**Activity**
From the first line to the last, copy the listing exactly and omit the pictures.

────────────────────

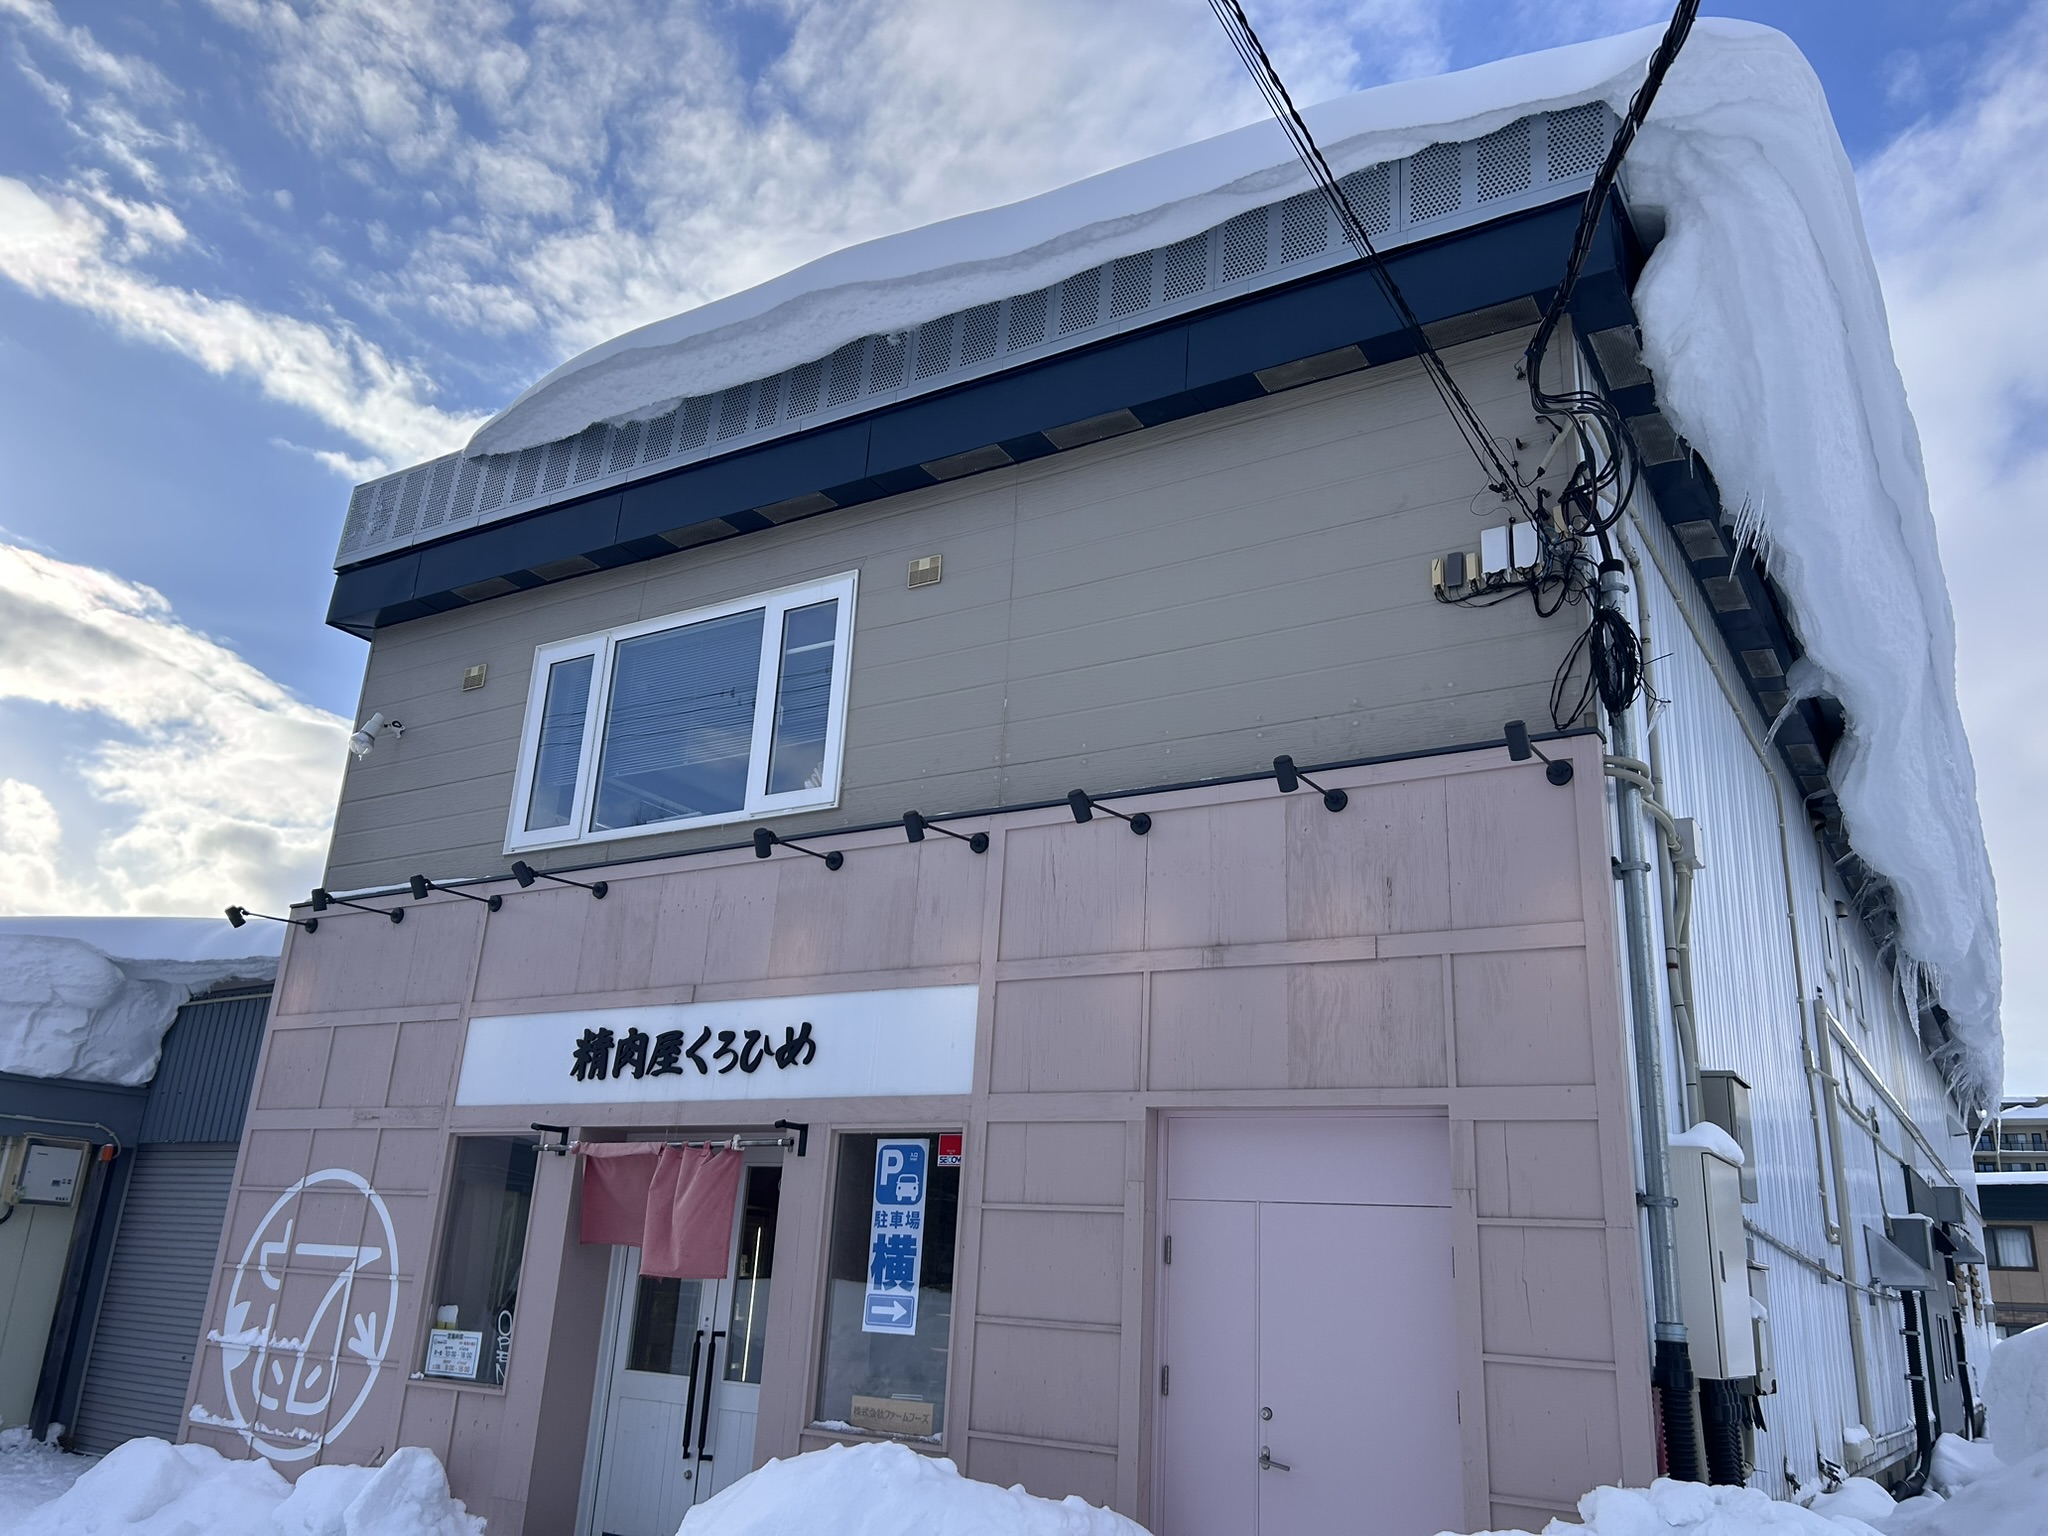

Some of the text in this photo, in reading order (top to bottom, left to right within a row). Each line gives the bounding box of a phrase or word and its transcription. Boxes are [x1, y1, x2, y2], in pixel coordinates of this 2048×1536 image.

[569, 1021, 817, 1082] 精肉屋くろひめ
[880, 1149, 904, 1186] P
[874, 1210, 921, 1230] 駐車場
[870, 1233, 918, 1293] 横
[853, 1406, 930, 1424] 株式会社ファームフーズ

────────────────────

**Answer box**
Some of the text in this photo, in reading order (top to bottom, left to right within a row). Each line gives the bounding box of a phrase or word and its transcription. Boxes are [x1, y1, x2, y2], in pixel coordinates of this 2048×1536 image.

[569, 1021, 817, 1082] 精肉屋くろひめ
[880, 1149, 904, 1186] P
[874, 1210, 921, 1230] 駐車場
[870, 1233, 918, 1293] 横
[853, 1406, 930, 1424] 株式会社ファームフーズ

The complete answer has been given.